What to do
Omit the images. Reproduce each line of the records exactly as it appears.
Extracted entries START
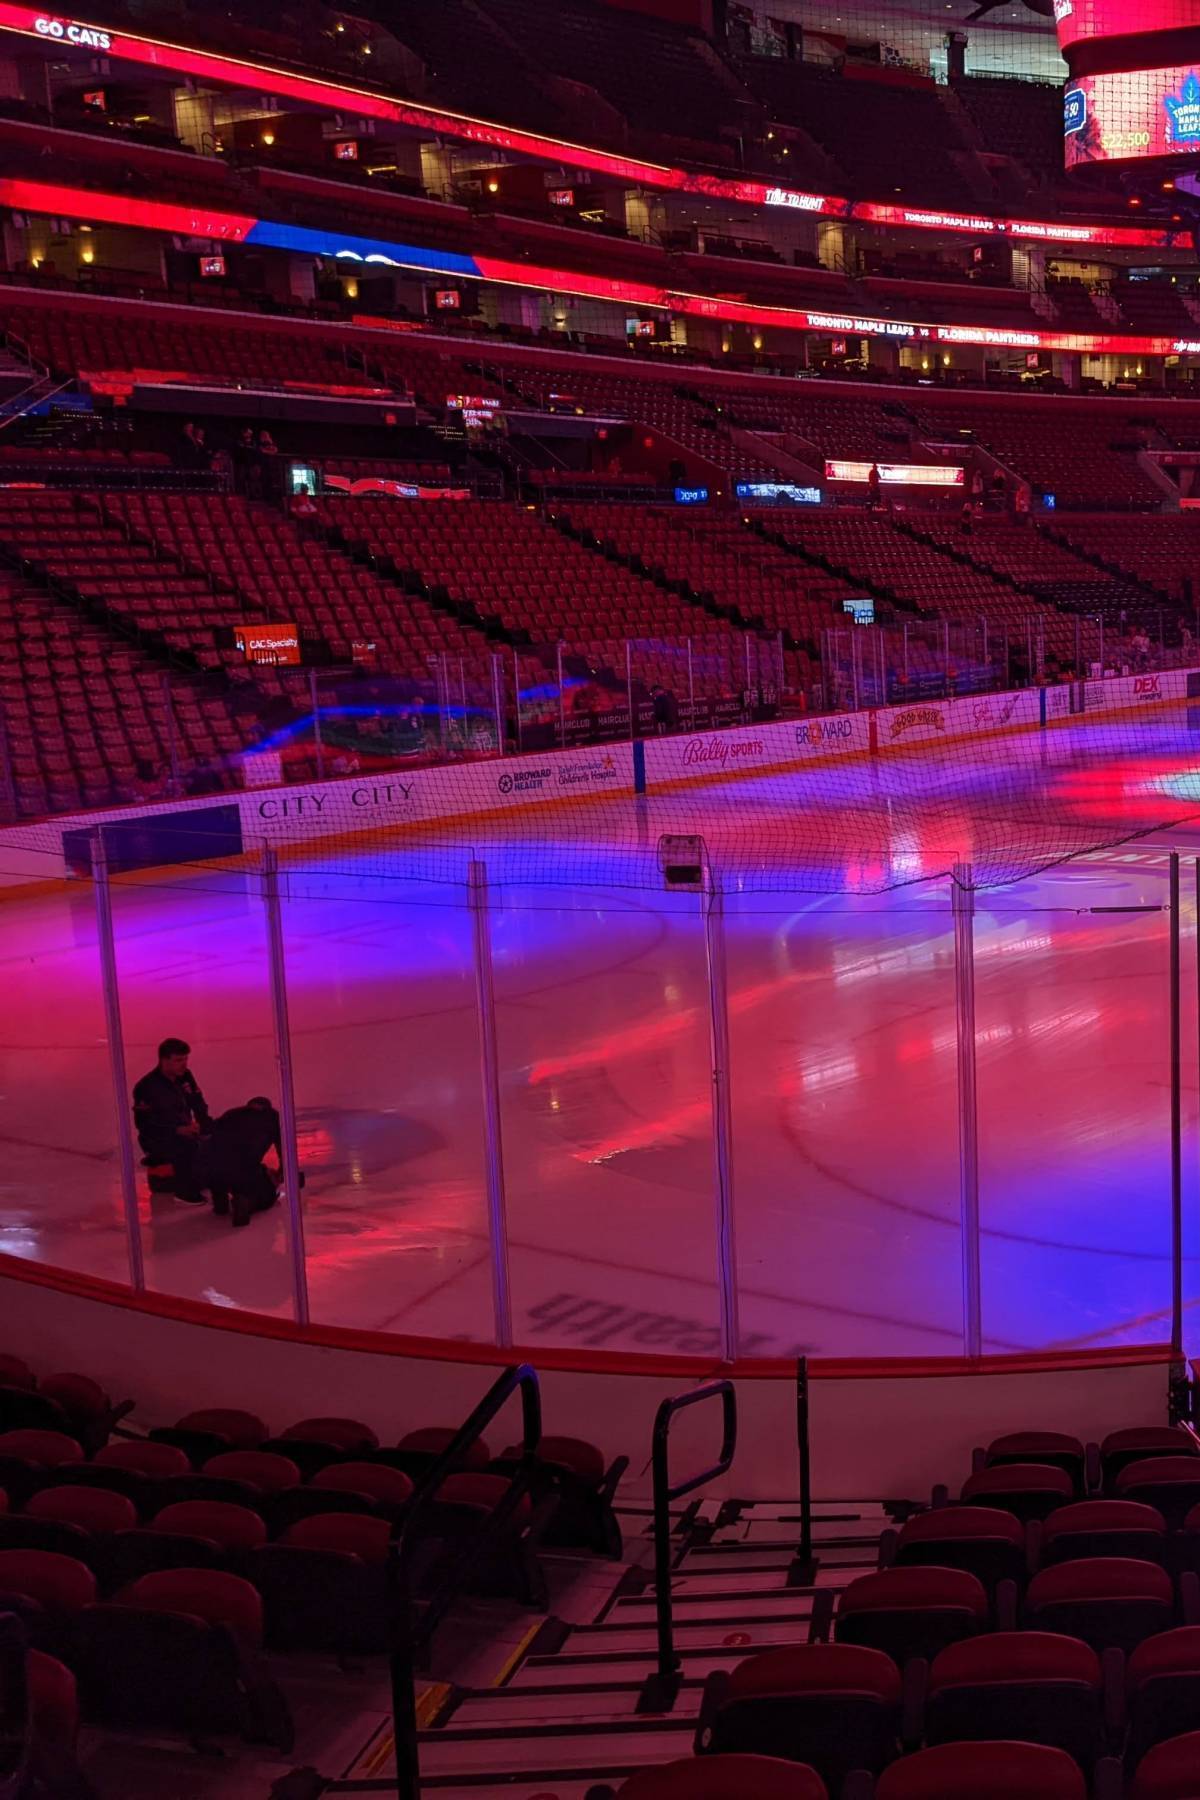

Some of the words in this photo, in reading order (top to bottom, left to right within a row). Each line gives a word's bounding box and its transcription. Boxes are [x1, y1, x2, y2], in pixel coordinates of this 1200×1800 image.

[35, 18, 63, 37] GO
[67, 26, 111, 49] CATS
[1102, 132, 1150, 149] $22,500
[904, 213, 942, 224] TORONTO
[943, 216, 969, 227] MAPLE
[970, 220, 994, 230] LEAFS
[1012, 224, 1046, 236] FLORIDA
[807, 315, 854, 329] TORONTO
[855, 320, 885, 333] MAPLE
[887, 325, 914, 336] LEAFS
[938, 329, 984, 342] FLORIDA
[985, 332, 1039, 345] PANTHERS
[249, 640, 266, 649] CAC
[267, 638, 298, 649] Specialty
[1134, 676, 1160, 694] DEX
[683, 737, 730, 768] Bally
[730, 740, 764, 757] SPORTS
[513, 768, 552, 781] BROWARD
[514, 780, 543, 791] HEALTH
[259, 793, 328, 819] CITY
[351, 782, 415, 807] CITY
Extracted entries END
Answer box
Some of the words in this photo, in reading order (top to bottom, left to right within a row). Each line gives a word's bounding box and its transcription. Boxes are [x1, y1, x2, y2], in pixel coordinates of this 1200×1800 image.

[35, 18, 63, 37] GO
[67, 26, 111, 49] CATS
[1102, 132, 1150, 149] $22,500
[904, 213, 942, 224] TORONTO
[943, 216, 969, 227] MAPLE
[970, 220, 994, 230] LEAFS
[1012, 224, 1046, 236] FLORIDA
[807, 315, 854, 329] TORONTO
[855, 320, 885, 333] MAPLE
[887, 325, 914, 336] LEAFS
[938, 329, 984, 342] FLORIDA
[985, 332, 1039, 345] PANTHERS
[249, 640, 266, 649] CAC
[267, 638, 298, 649] Specialty
[1134, 676, 1160, 694] DEX
[683, 737, 730, 768] Bally
[730, 740, 764, 757] SPORTS
[513, 768, 552, 781] BROWARD
[514, 780, 543, 791] HEALTH
[259, 793, 328, 819] CITY
[351, 782, 415, 807] CITY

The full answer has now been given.